_Work item_
Repeat every entry word for word, but leave the images out of your copy.

———

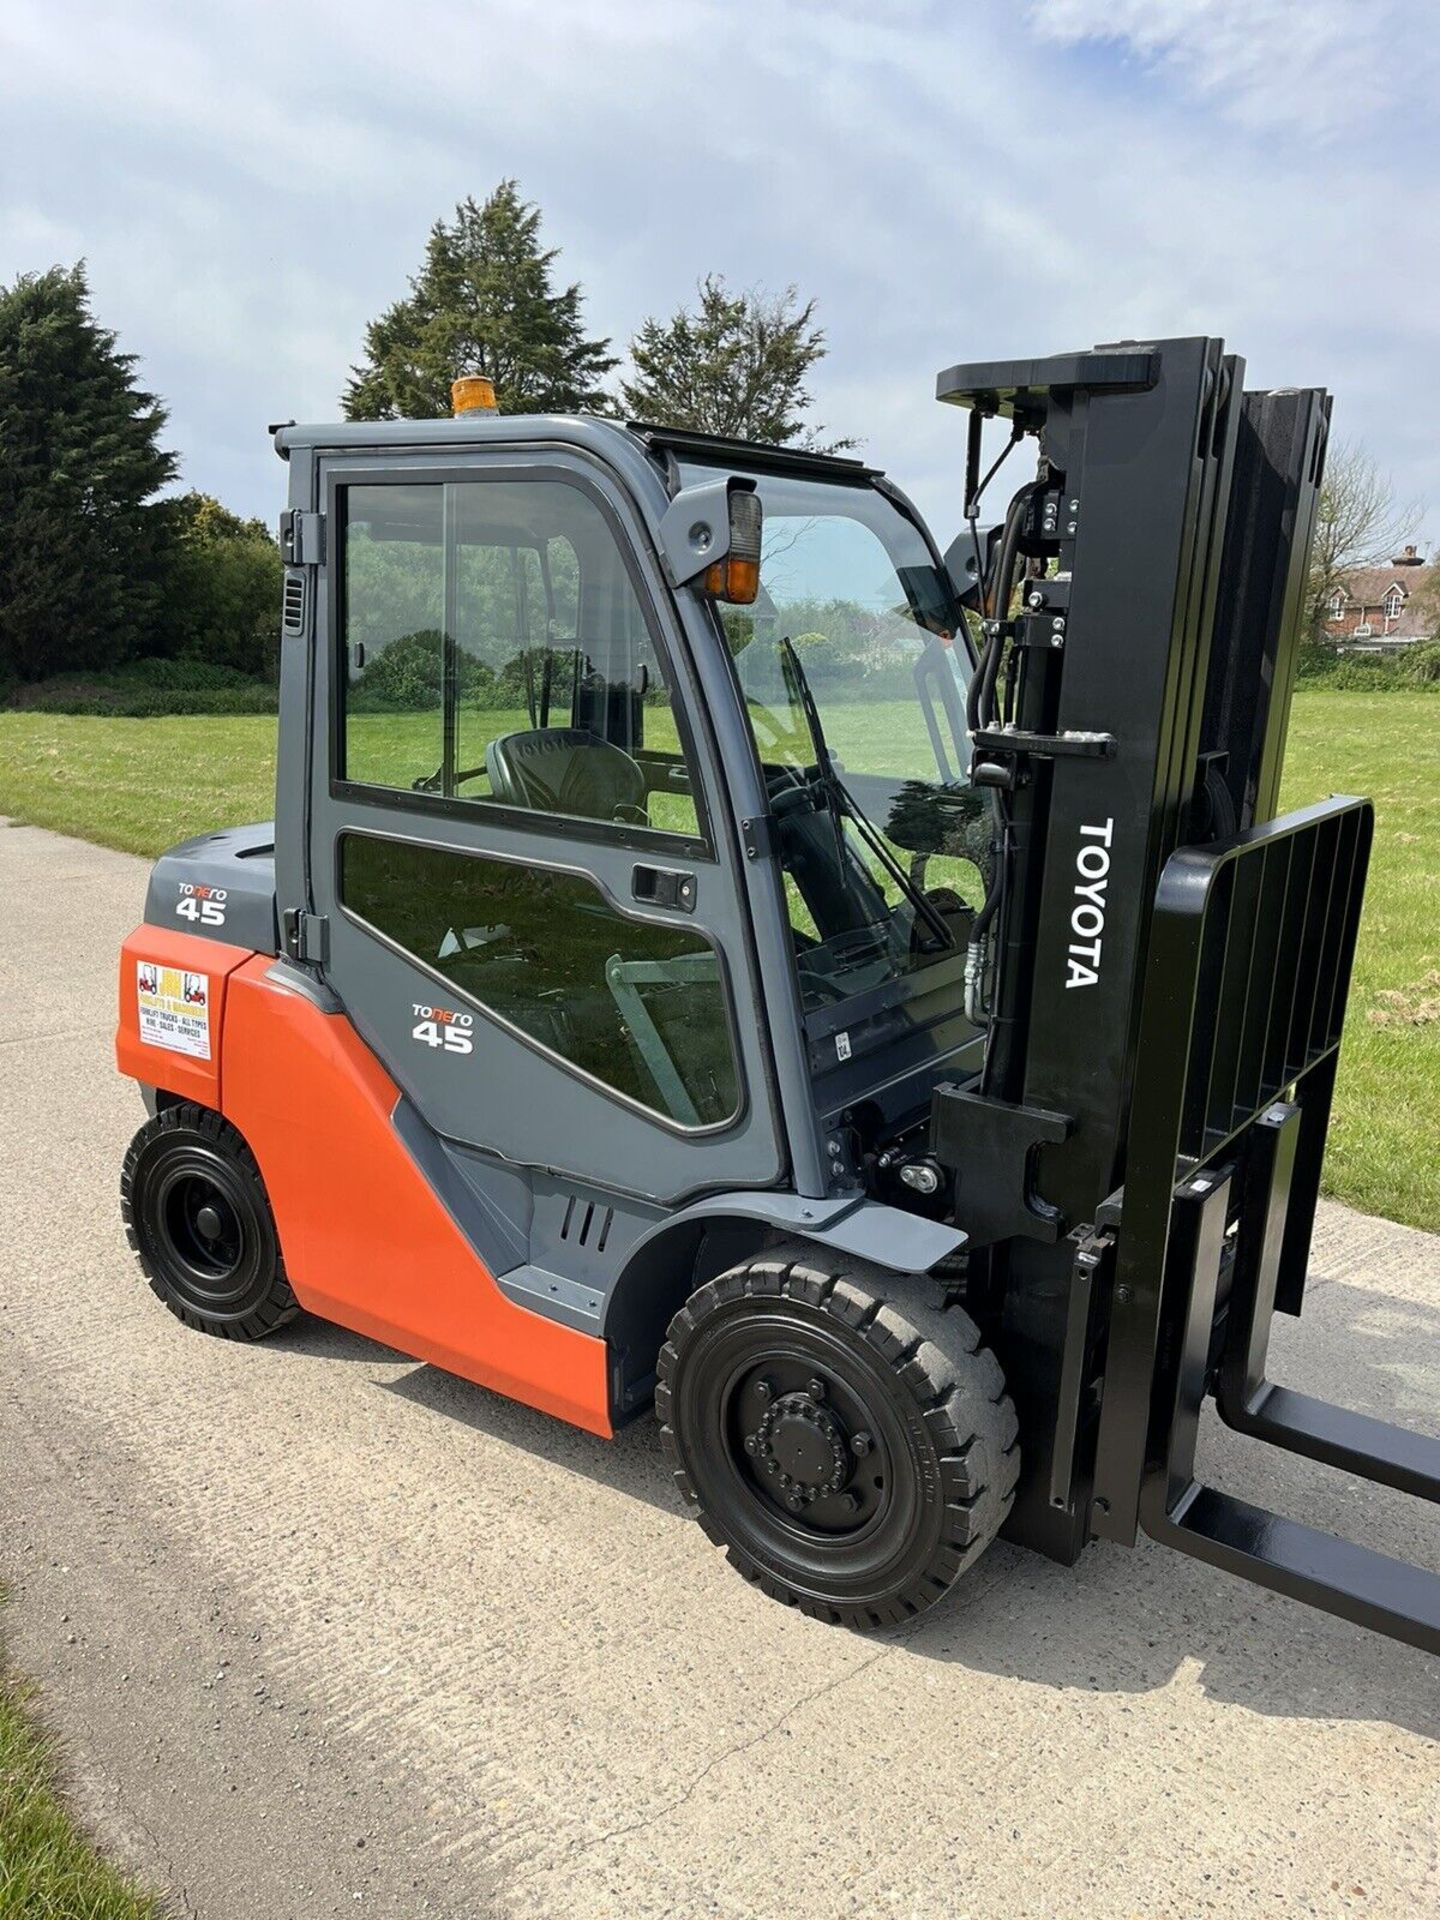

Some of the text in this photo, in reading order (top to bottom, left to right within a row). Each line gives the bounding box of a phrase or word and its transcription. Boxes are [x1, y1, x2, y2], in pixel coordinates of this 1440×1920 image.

[175, 897, 226, 926] 45
[1065, 817, 1114, 989] TOYOTA
[412, 1020, 473, 1055] 45
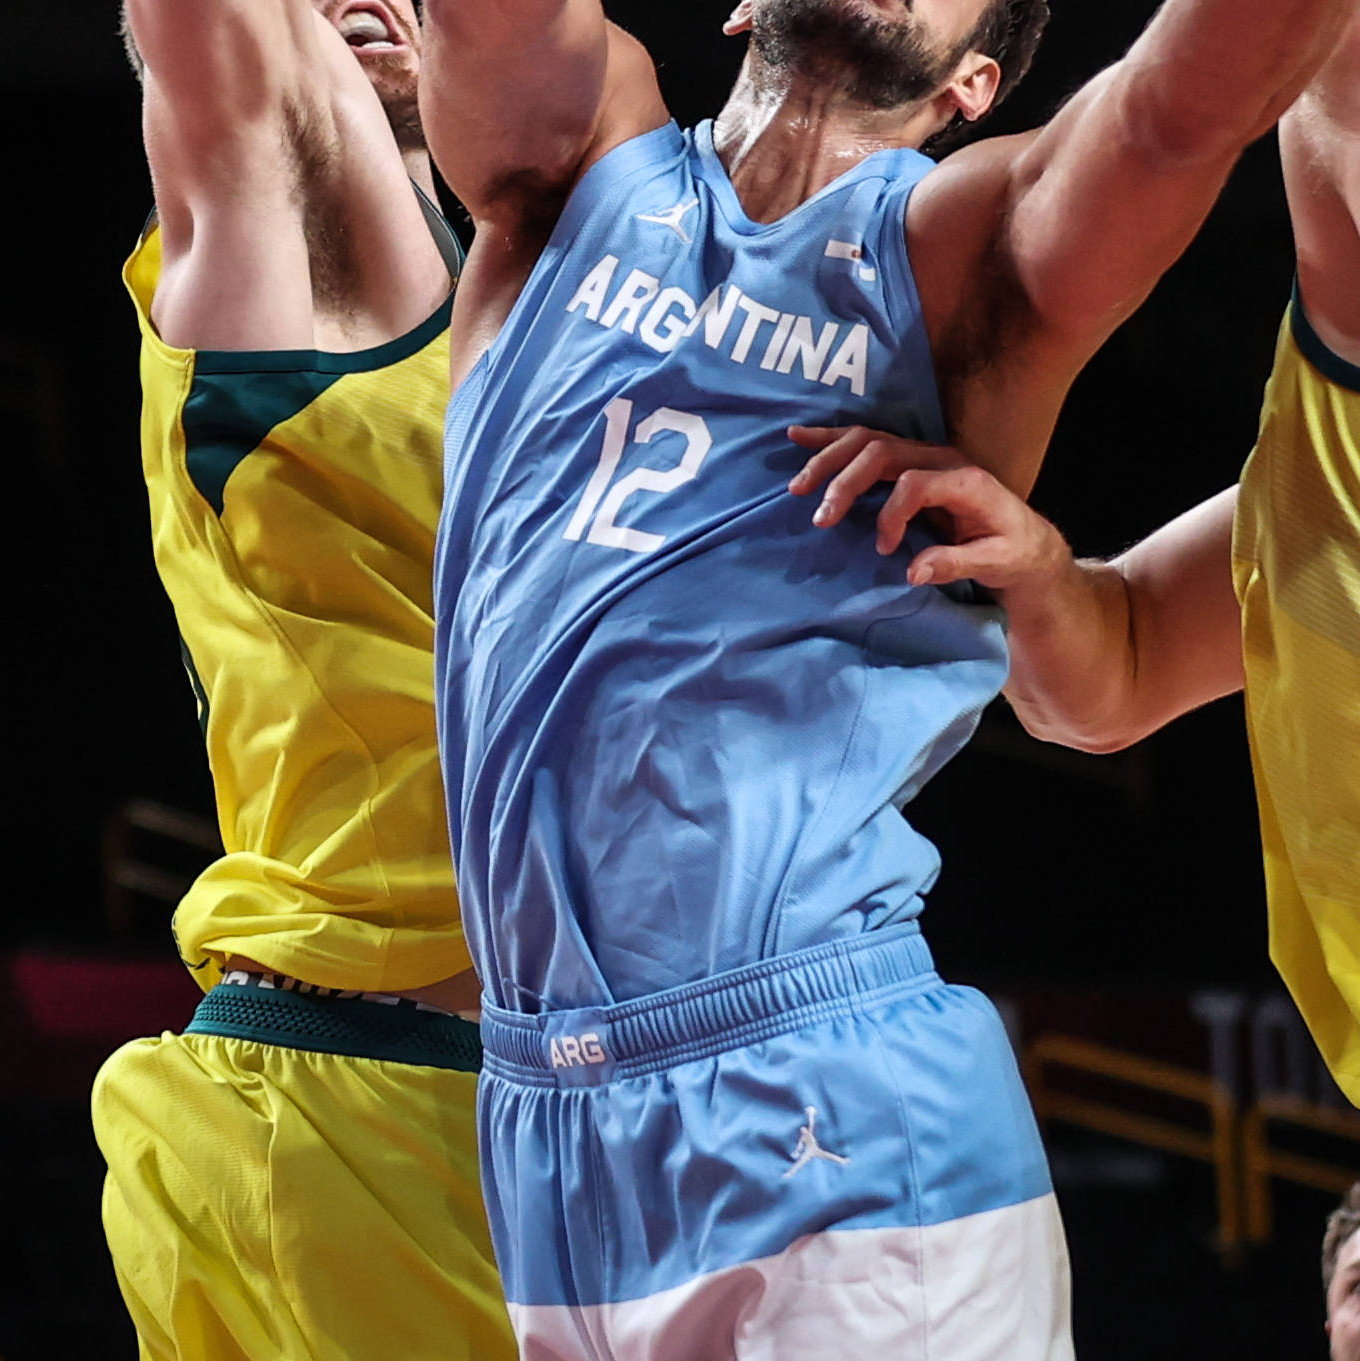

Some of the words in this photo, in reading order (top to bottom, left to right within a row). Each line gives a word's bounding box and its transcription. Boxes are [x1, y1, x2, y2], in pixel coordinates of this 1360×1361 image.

[565, 253, 870, 397] ARGNTINA
[562, 397, 712, 552] 12
[549, 1033, 606, 1069] ARG
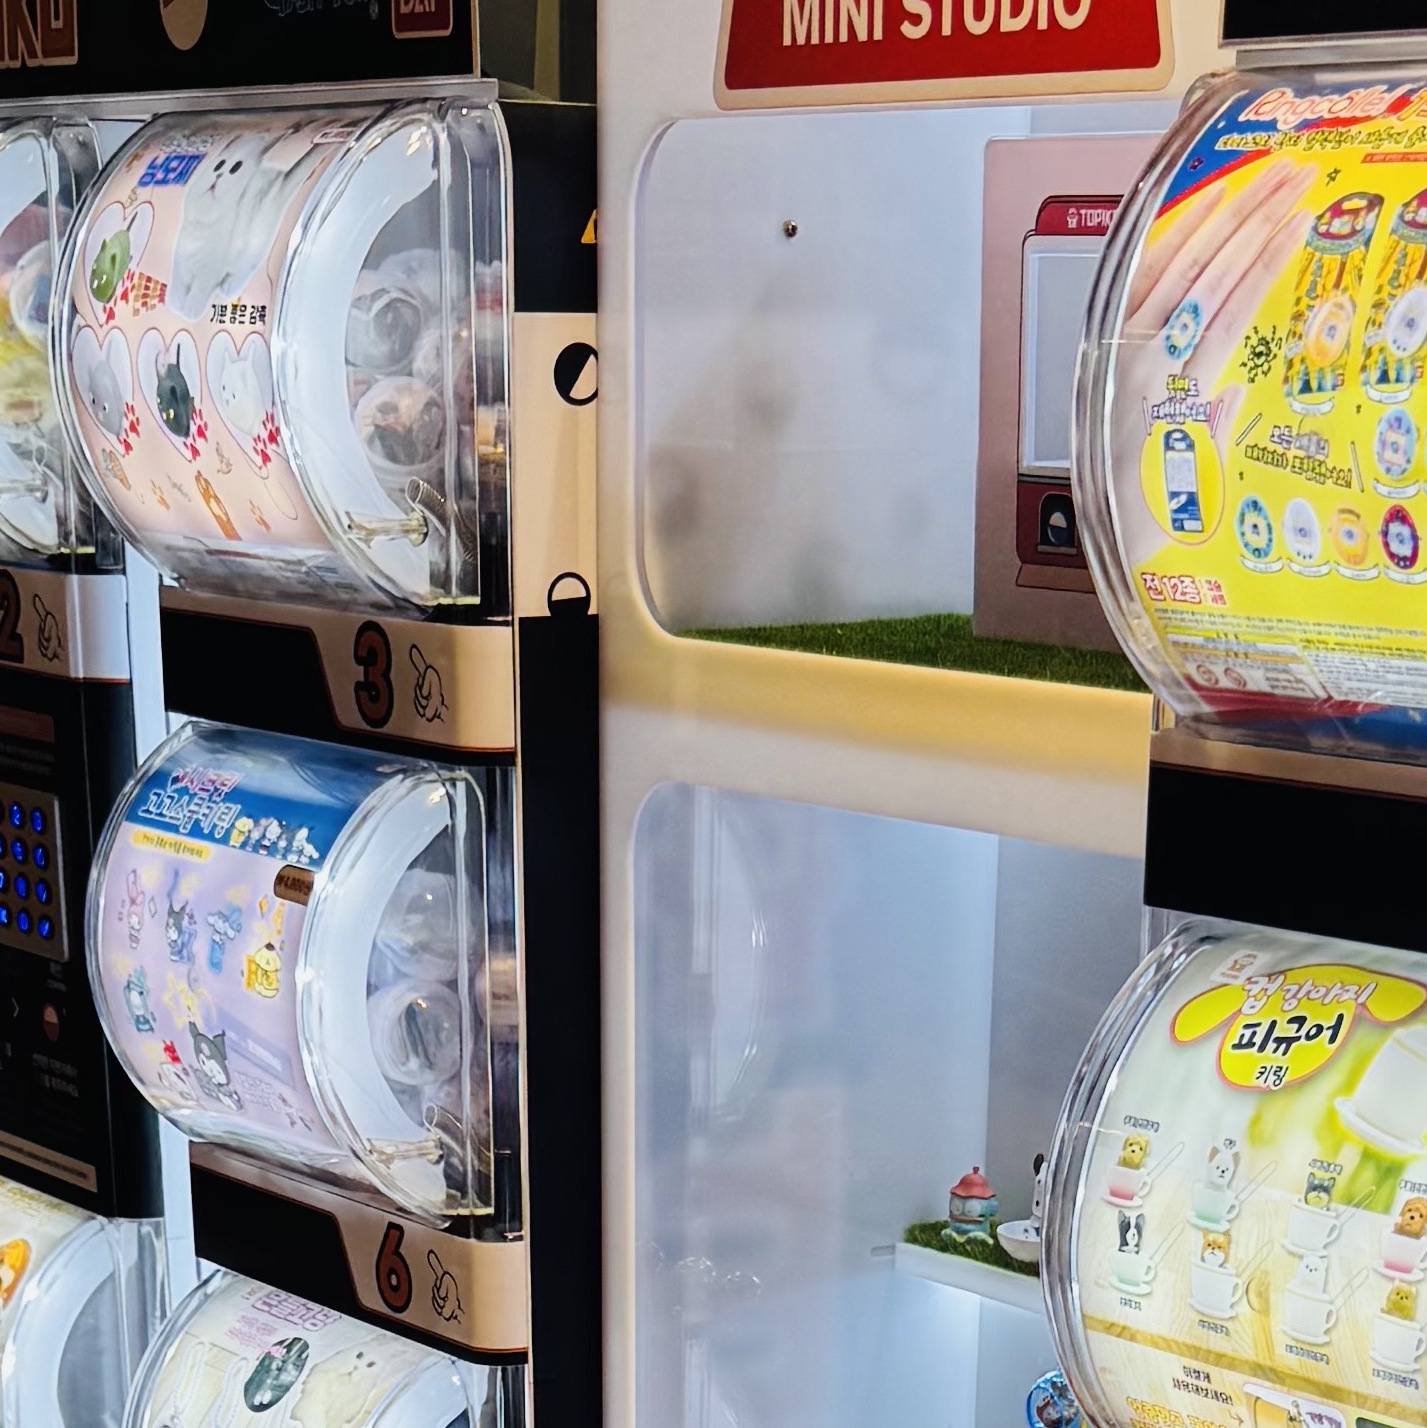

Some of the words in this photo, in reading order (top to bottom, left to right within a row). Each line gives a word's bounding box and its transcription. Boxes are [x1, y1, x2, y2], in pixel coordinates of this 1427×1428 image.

[782, 0, 883, 46] MINI
[899, 0, 1092, 40] STUDIO
[353, 620, 395, 729] 3
[1240, 973, 1287, 1015] 컵
[1281, 980, 1378, 1013] 강아지
[1231, 1012, 1346, 1057] 피규어
[1255, 1063, 1290, 1088] 키링
[375, 1221, 413, 1315] 6
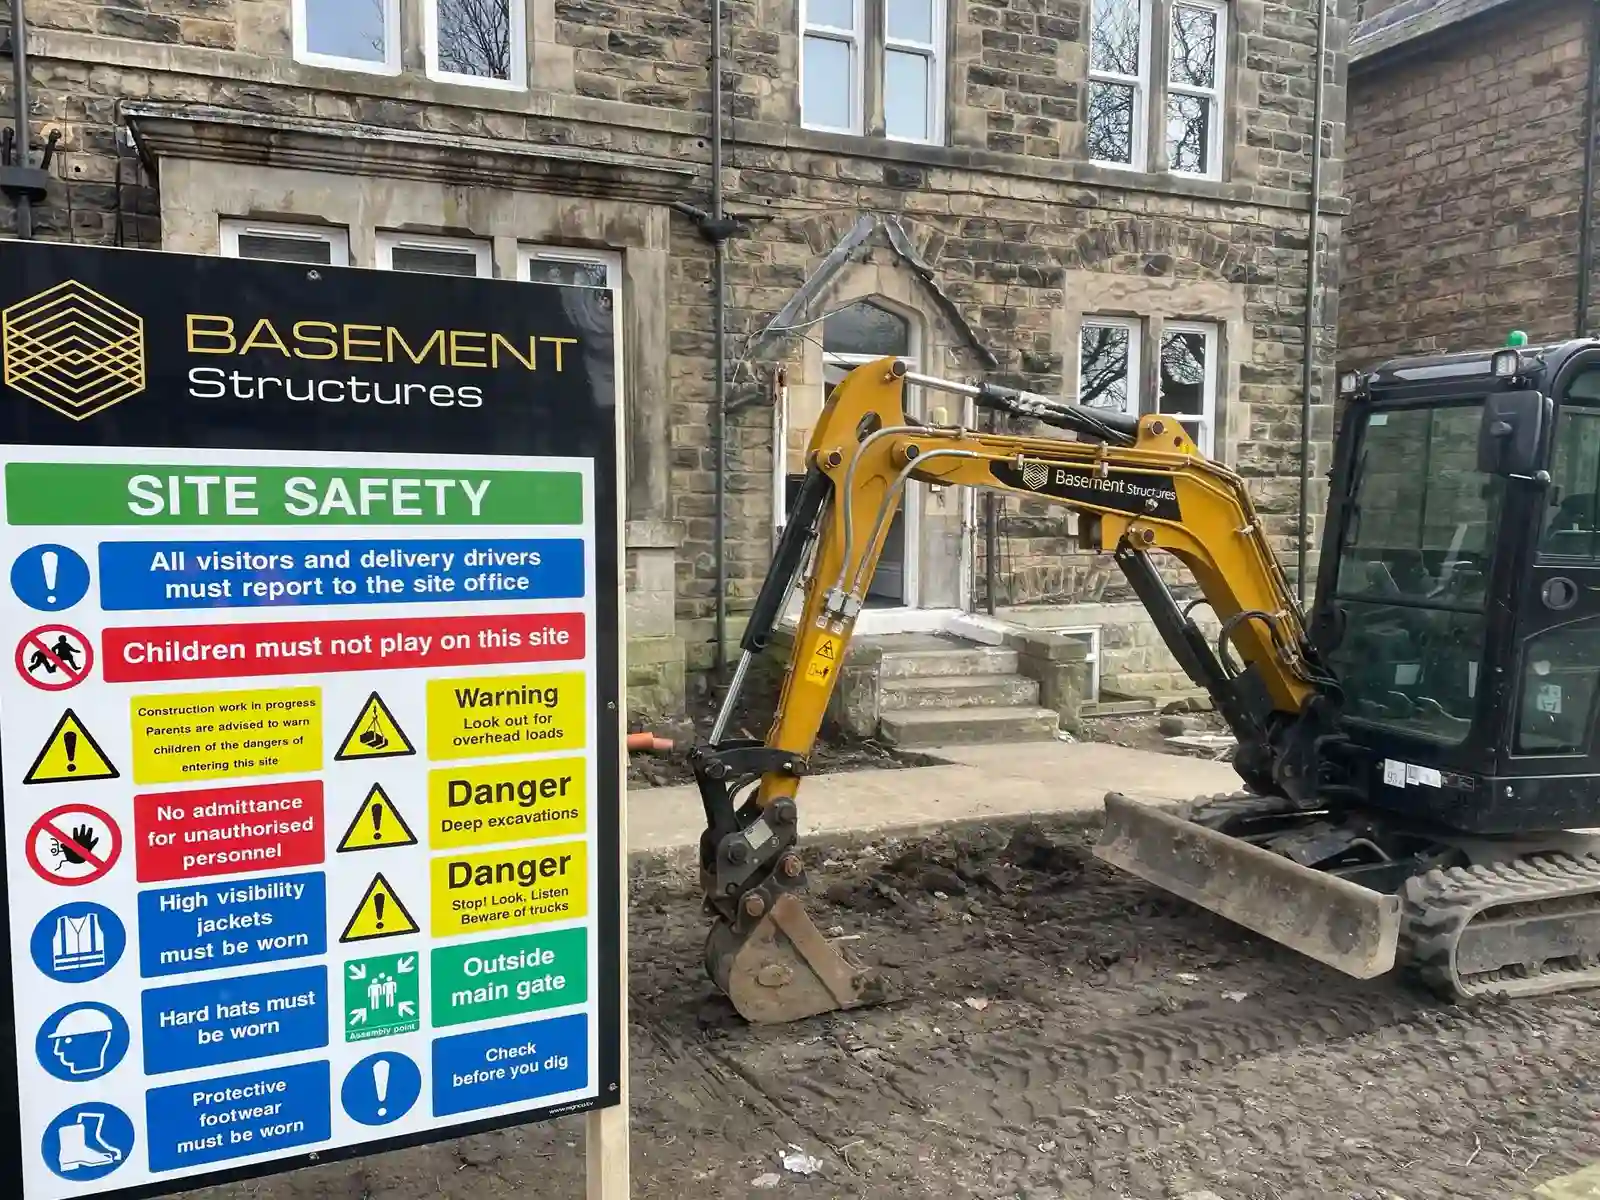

———

_Answer to this task_
Some of the text in this photo, in reading order (top to bottom, left to right within a row). Each line gives the bounding box of a phrase or word and its transcription. Boxes are [x1, y1, x2, y2], in pixel coordinates of this 1440×1920 image.

[175, 897, 226, 926] 45
[1065, 817, 1114, 989] TOYOTA
[412, 1020, 473, 1055] 45

Some of the words in this photo, in reading order (top to bottom, left to right within a row). Each line gives a word's bounding box and its transcription. Boxes are [x1, y1, x2, y2], in pixel coordinates of this 1360×1361 image.

[565, 253, 870, 397] ARGNTINA
[562, 397, 712, 552] 12
[549, 1033, 606, 1069] ARG

Some of the words in this photo, in reading order (top to bottom, left to right within a row). Each line gives a word's bounding box and its transcription. Boxes are [x1, y1, x2, y2], in pixel coordinates of this 1427×1428 image.

[782, 0, 883, 46] MINI
[899, 0, 1092, 40] STUDIO
[353, 620, 395, 729] 3
[1240, 973, 1287, 1015] 컵
[1281, 980, 1378, 1013] 강아지
[1231, 1012, 1346, 1057] 피규어
[1255, 1063, 1290, 1088] 키링
[375, 1221, 413, 1315] 6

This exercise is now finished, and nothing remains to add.